* [The problem]:
Word for word, transcribe the lines below and drop the pictures.

* [Material for the task]:
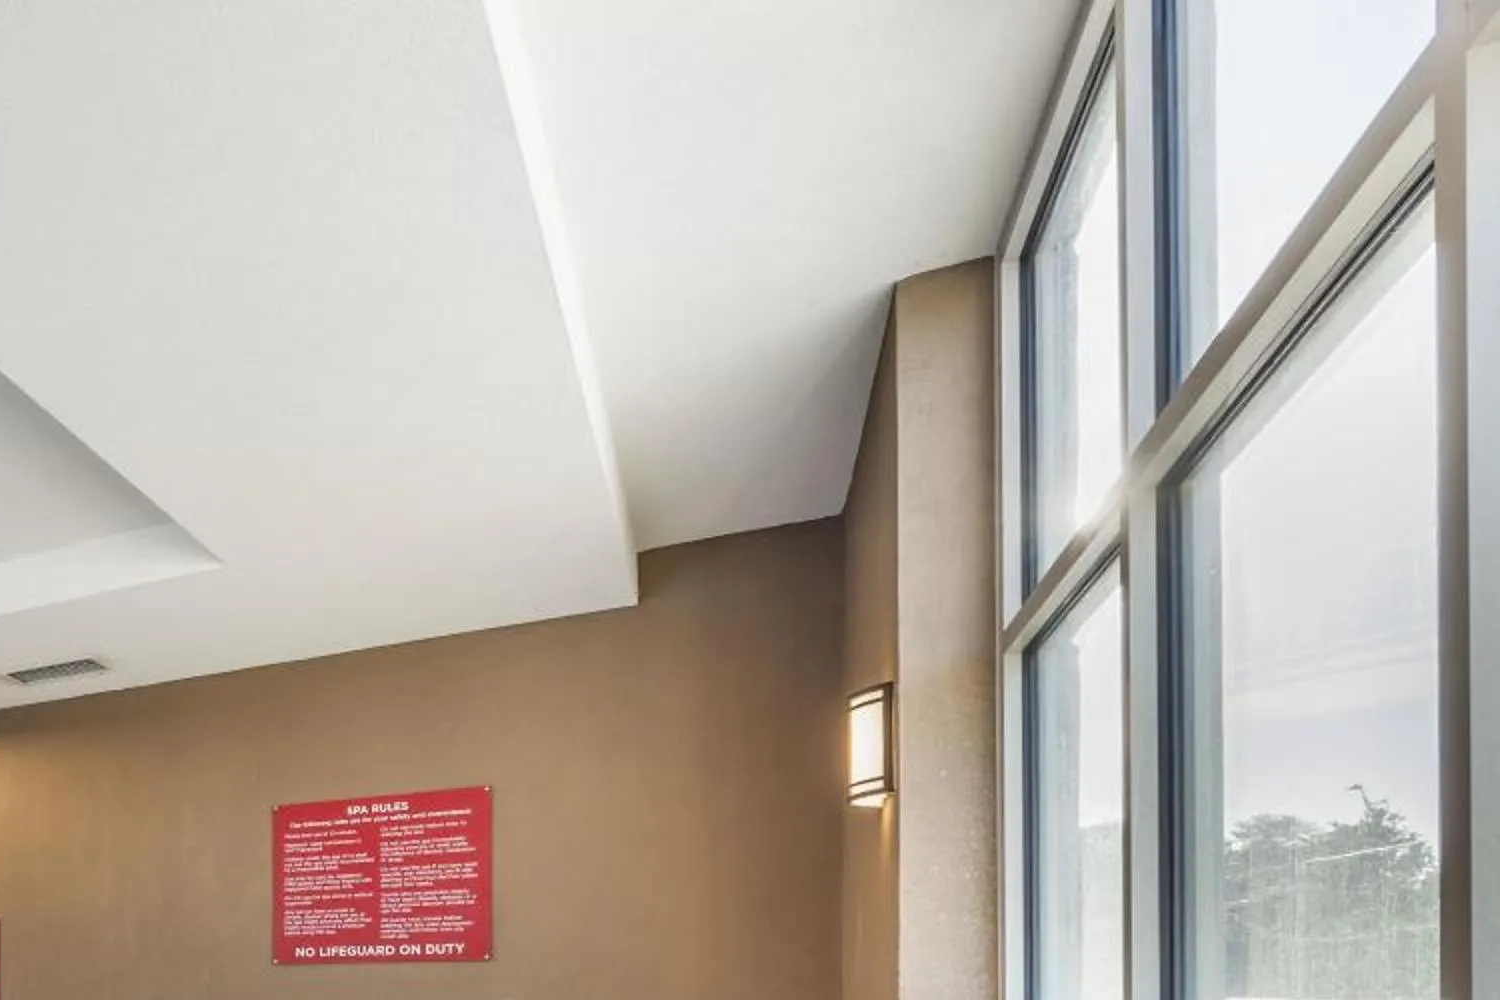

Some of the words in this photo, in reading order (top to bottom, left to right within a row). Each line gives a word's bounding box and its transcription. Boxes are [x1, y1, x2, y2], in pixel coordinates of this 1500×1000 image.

[371, 801, 409, 813] RULES
[295, 947, 315, 958] NO
[319, 945, 396, 957] LIFEGUARD
[400, 944, 421, 956] ON
[425, 943, 466, 955] DUTY
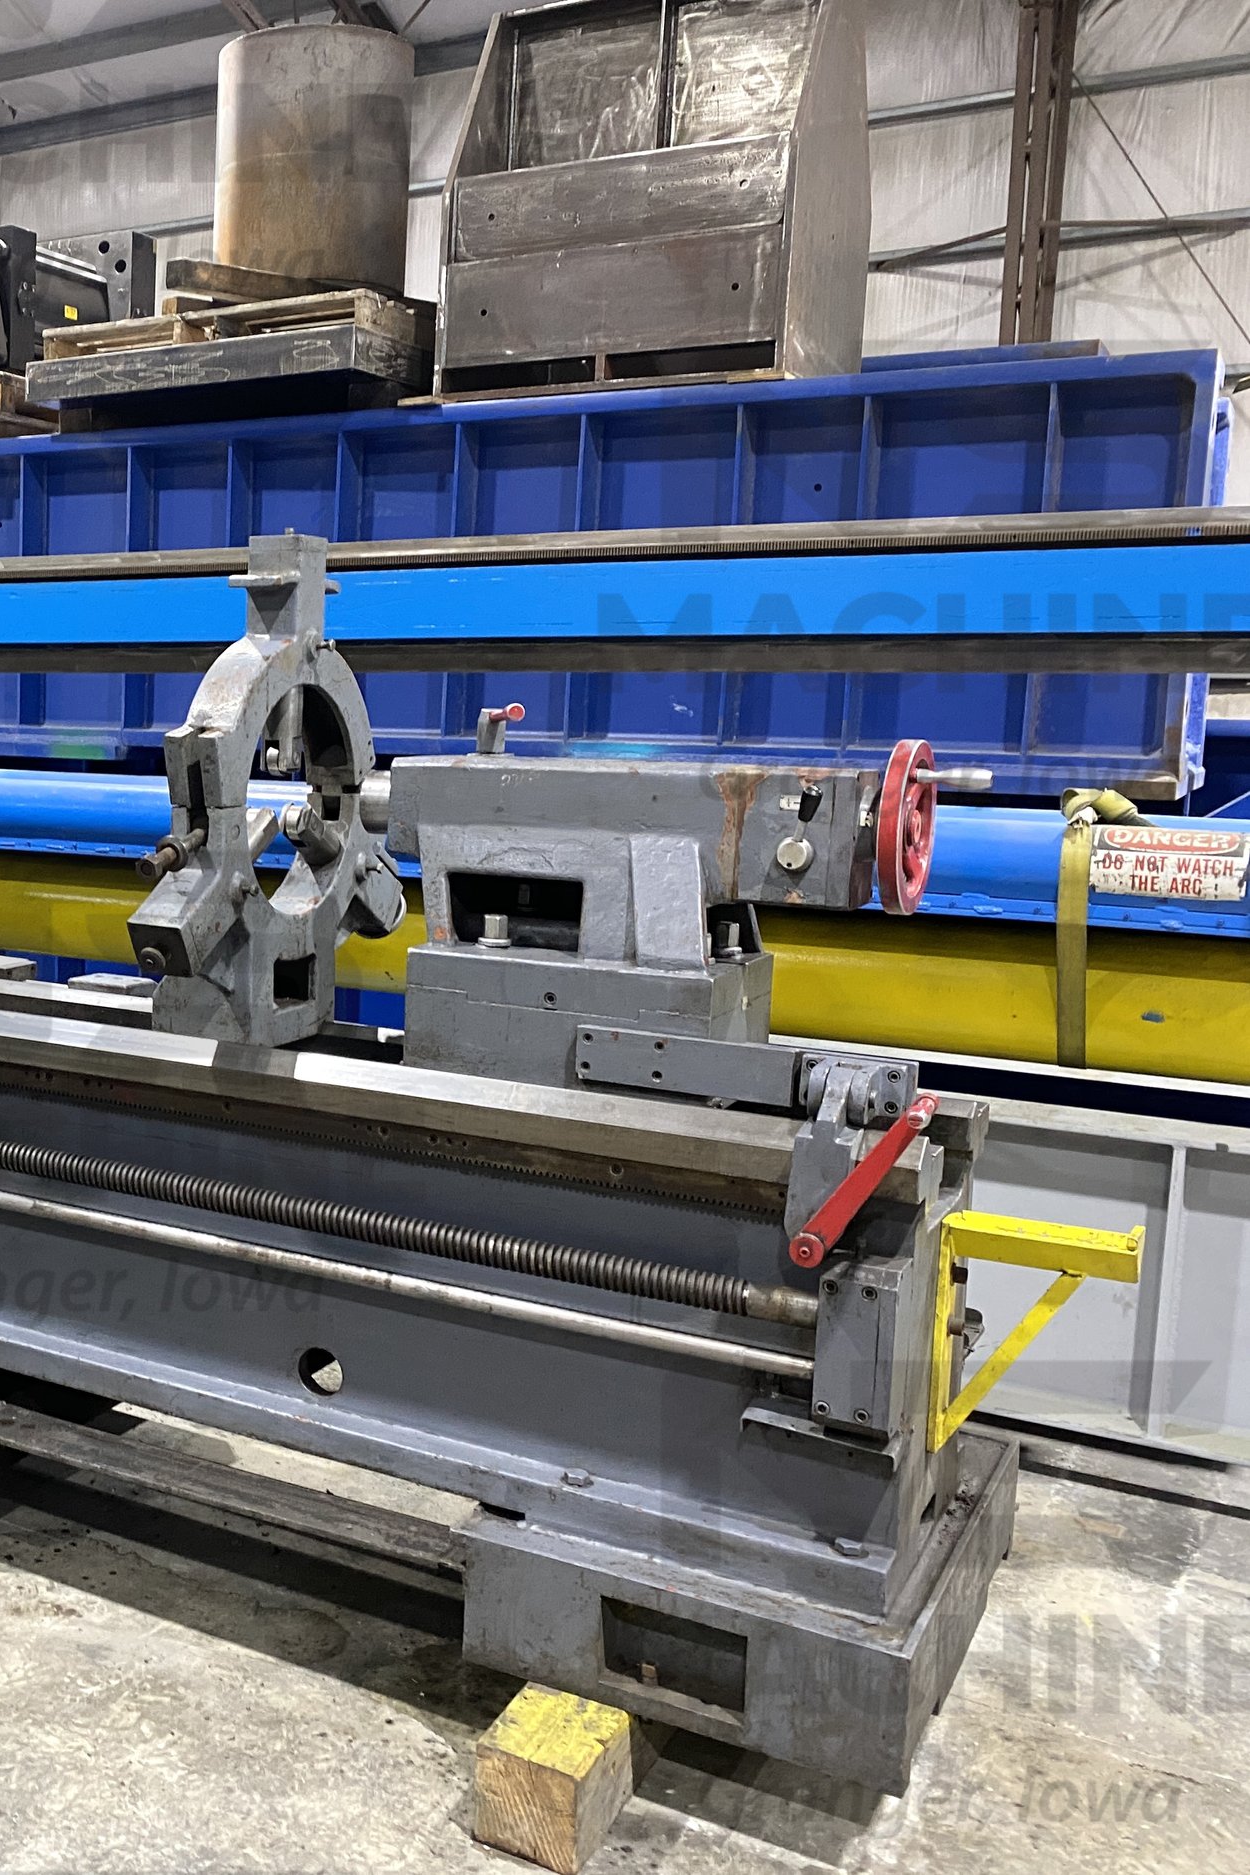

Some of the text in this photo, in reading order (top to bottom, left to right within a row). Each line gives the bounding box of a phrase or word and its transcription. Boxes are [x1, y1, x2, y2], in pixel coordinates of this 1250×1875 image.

[1113, 829, 1232, 849] DANGER
[1102, 853, 1235, 877] DO NOT WATCH
[1130, 874, 1203, 895] THE ARC
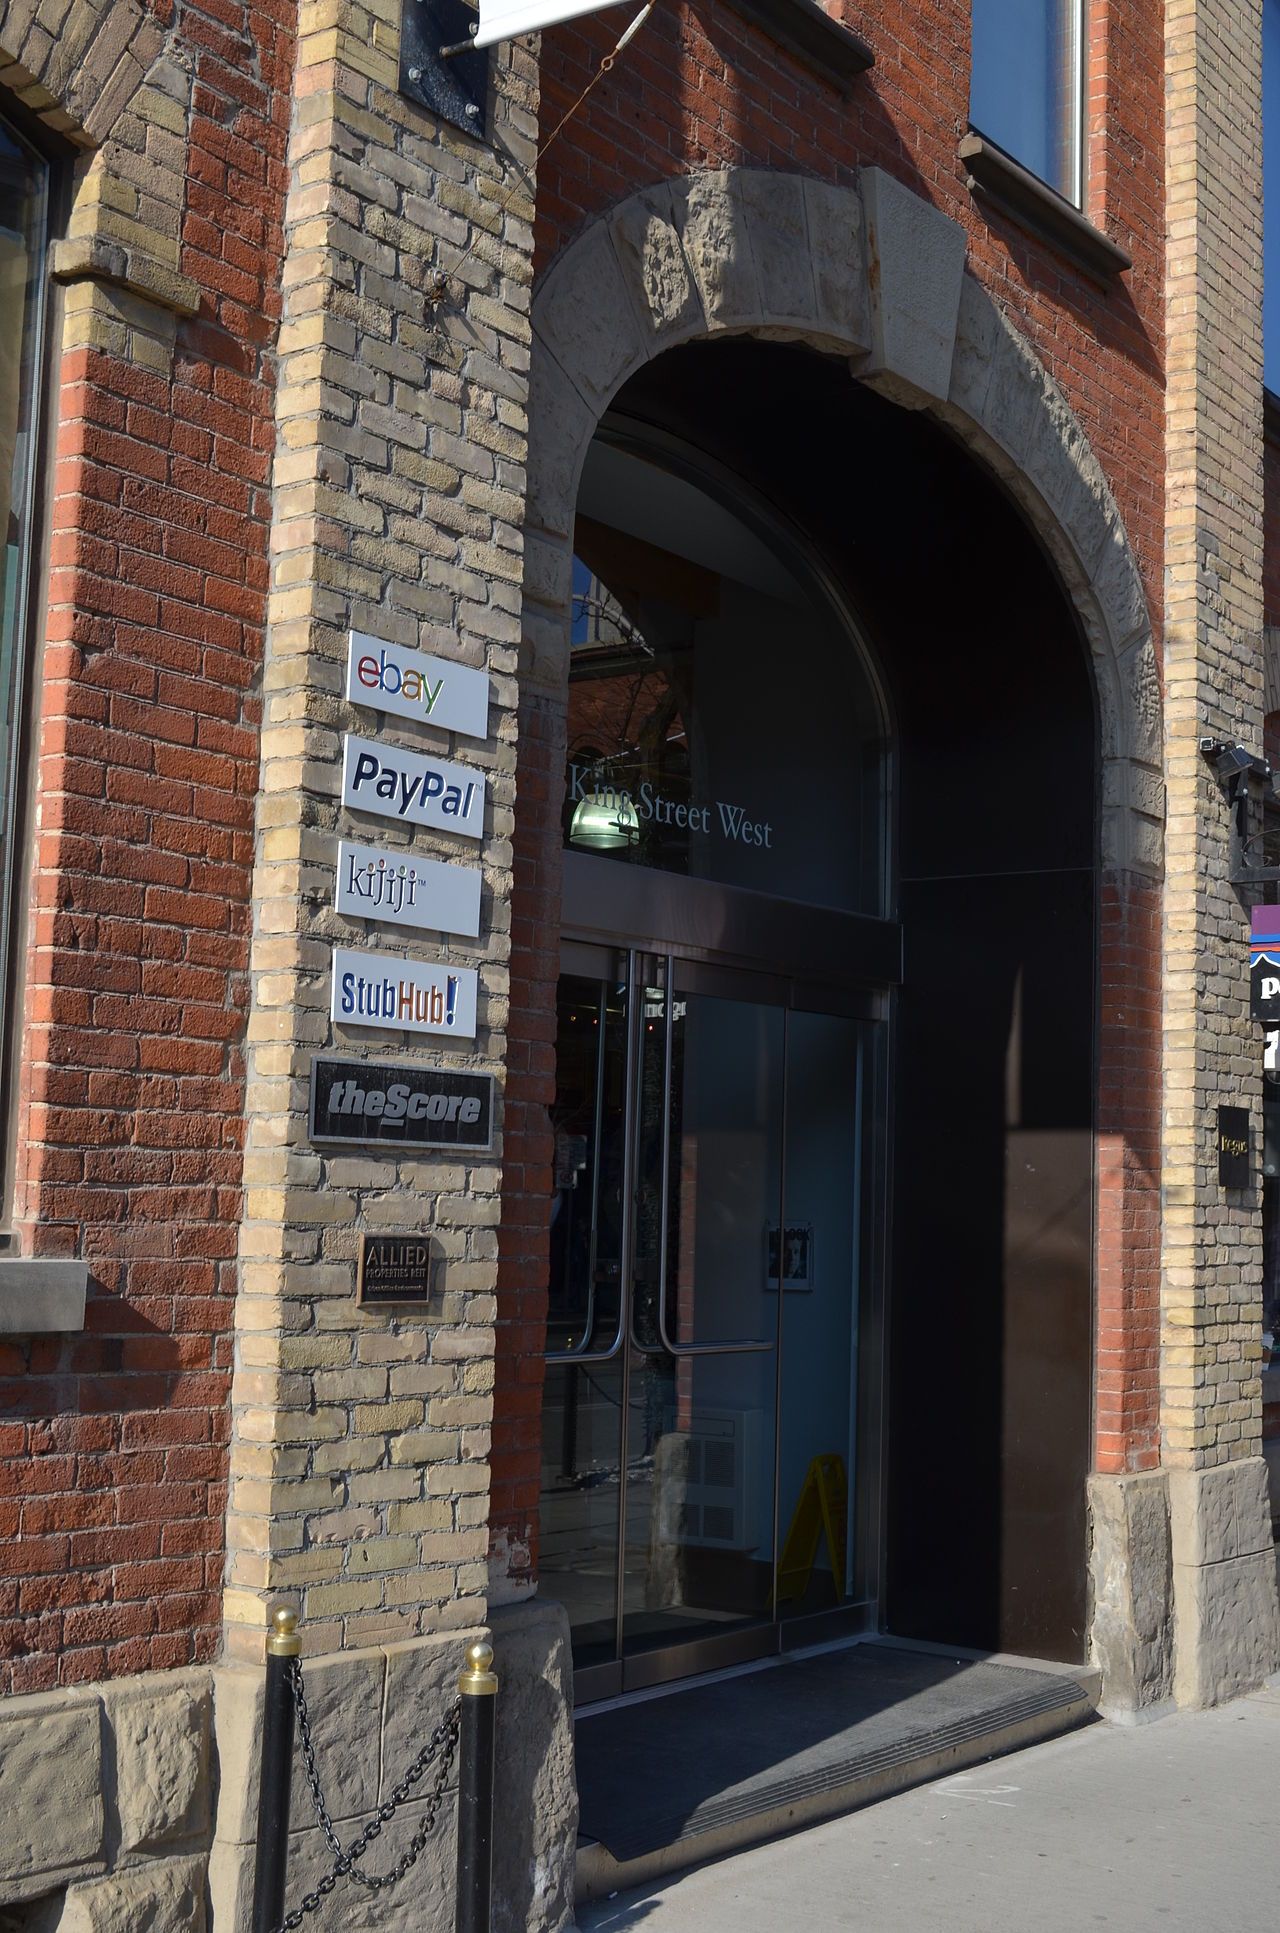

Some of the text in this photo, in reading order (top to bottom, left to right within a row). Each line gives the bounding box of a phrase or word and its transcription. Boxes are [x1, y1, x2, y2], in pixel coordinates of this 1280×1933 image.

[358, 650, 444, 714] ebay
[352, 752, 476, 818] PayPal
[569, 763, 773, 848] King Street West
[346, 854, 417, 914] kijiji
[341, 972, 459, 1026] StubHub!
[328, 1080, 482, 1125] theScore
[365, 1267, 409, 1279] PROPERTIES
[366, 1246, 427, 1266] ALLIED
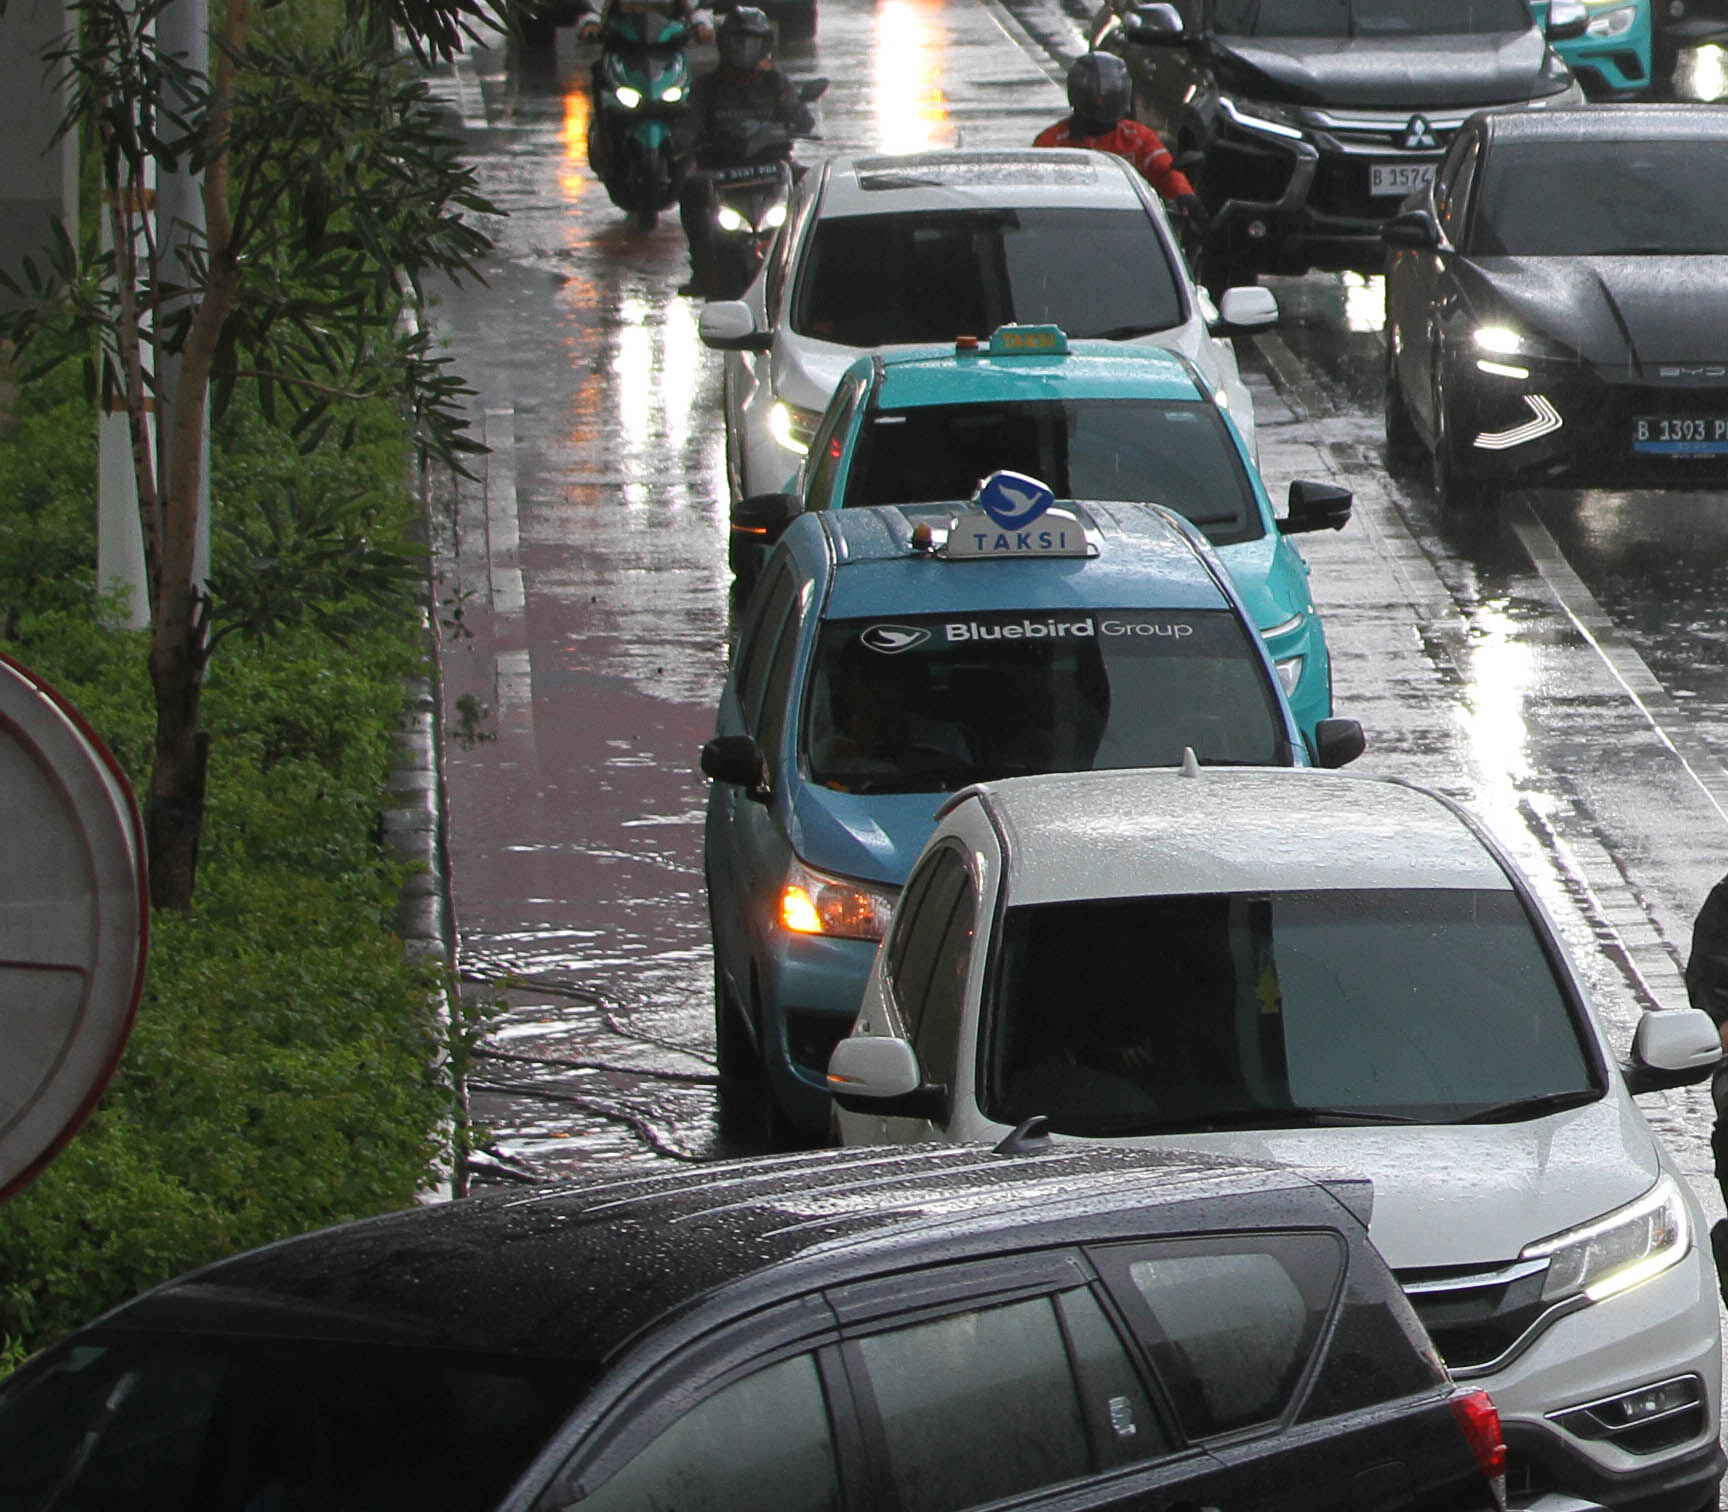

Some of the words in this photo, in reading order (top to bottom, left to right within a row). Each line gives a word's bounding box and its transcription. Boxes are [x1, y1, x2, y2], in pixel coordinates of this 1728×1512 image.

[1373, 169, 1383, 186] B
[1002, 333, 1056, 348] TAKSI
[1659, 367, 1726, 377] BYD
[1637, 420, 1649, 441] B
[1660, 419, 1706, 441] 1393
[973, 531, 1066, 551] TAKSI
[945, 618, 1095, 641] Bluebird
[1101, 620, 1193, 640] Group

* [Problem solution]:
Some of the words in this photo, in reading order (top to bottom, left to right within a row). Each line gives a word's bounding box and its transcription. Boxes are [x1, y1, x2, y2], in pixel coordinates of this 1500×1000 image.

[371, 801, 409, 813] RULES
[295, 947, 315, 958] NO
[319, 945, 396, 957] LIFEGUARD
[400, 944, 421, 956] ON
[425, 943, 466, 955] DUTY

Some of the text in this photo, in reading order (top to bottom, left to right within a row). Each line gives the bounding box of a phrase or word and its transcription. Boxes are [x1, y1, x2, y2], in pixel coordinates of this 1250×1875 image.

[1113, 829, 1232, 849] DANGER
[1102, 853, 1235, 877] DO NOT WATCH
[1130, 874, 1203, 895] THE ARC

Some of the text in this photo, in reading order (top to bottom, left to right within a row). Each line gives the bounding box of a phrase or word and its transcription. Boxes are [x1, y1, x2, y2], in pixel coordinates of this 1280×1933 image.

[358, 650, 444, 714] ebay
[352, 752, 476, 818] PayPal
[569, 763, 773, 848] King Street West
[346, 854, 417, 914] kijiji
[341, 972, 459, 1026] StubHub!
[328, 1080, 482, 1125] theScore
[365, 1267, 409, 1279] PROPERTIES
[366, 1246, 427, 1266] ALLIED

Some of the words in this photo, in reading order (top to bottom, left to right within a row). Each line gives a word's bounding box and its transcription. Boxes are [x1, y1, x2, y2], in pixel coordinates of this 1728×1512 image.

[1373, 169, 1383, 186] B
[1002, 333, 1056, 348] TAKSI
[1659, 367, 1726, 377] BYD
[1637, 420, 1649, 441] B
[1660, 419, 1706, 441] 1393
[973, 531, 1066, 551] TAKSI
[945, 618, 1095, 641] Bluebird
[1101, 620, 1193, 640] Group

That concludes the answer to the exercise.